───── DATA RECORDS

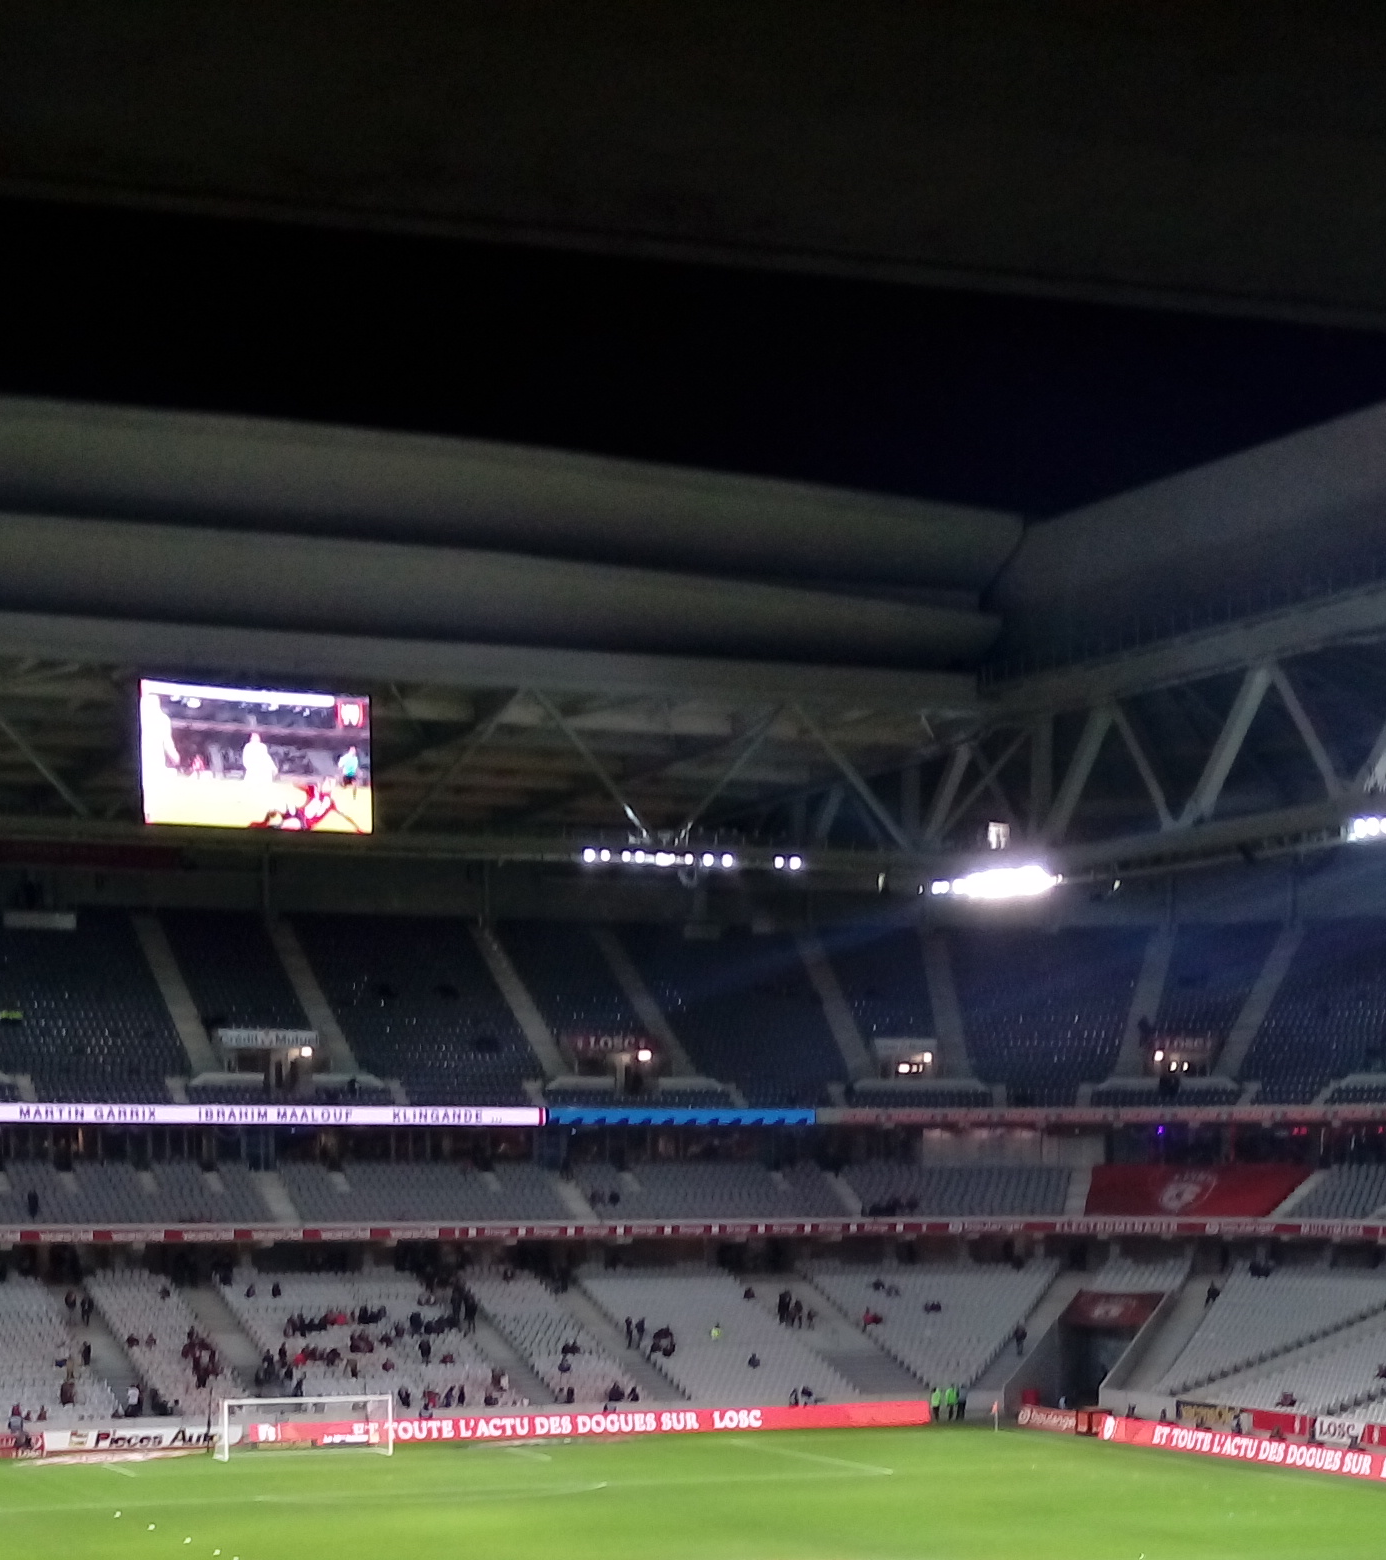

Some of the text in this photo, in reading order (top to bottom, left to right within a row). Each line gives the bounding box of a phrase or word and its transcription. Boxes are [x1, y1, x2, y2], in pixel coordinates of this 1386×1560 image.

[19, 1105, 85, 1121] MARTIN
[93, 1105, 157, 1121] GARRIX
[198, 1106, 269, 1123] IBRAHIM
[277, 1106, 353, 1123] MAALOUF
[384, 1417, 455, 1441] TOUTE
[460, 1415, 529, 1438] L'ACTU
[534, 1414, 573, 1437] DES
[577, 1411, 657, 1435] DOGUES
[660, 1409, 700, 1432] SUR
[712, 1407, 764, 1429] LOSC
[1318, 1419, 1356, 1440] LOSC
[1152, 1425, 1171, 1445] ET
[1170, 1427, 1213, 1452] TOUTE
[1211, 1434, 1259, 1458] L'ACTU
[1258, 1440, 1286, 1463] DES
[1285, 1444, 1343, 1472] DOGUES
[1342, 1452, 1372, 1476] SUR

──────────

→ PROBLEM STATEMENT: Pictures aside, write out all of the records exactly.

→ ANSWER SPACE:
Some of the text in this photo, in reading order (top to bottom, left to right within a row). Each line gives the bounding box of a phrase or word and its transcription. Boxes are [x1, y1, x2, y2], in pixel coordinates of this 1386×1560 image.

[19, 1105, 85, 1121] MARTIN
[93, 1105, 157, 1121] GARRIX
[198, 1106, 269, 1123] IBRAHIM
[277, 1106, 353, 1123] MAALOUF
[384, 1417, 455, 1441] TOUTE
[460, 1415, 529, 1438] L'ACTU
[534, 1414, 573, 1437] DES
[577, 1411, 657, 1435] DOGUES
[660, 1409, 700, 1432] SUR
[712, 1407, 764, 1429] LOSC
[1318, 1419, 1356, 1440] LOSC
[1152, 1425, 1171, 1445] ET
[1170, 1427, 1213, 1452] TOUTE
[1211, 1434, 1259, 1458] L'ACTU
[1258, 1440, 1286, 1463] DES
[1285, 1444, 1343, 1472] DOGUES
[1342, 1452, 1372, 1476] SUR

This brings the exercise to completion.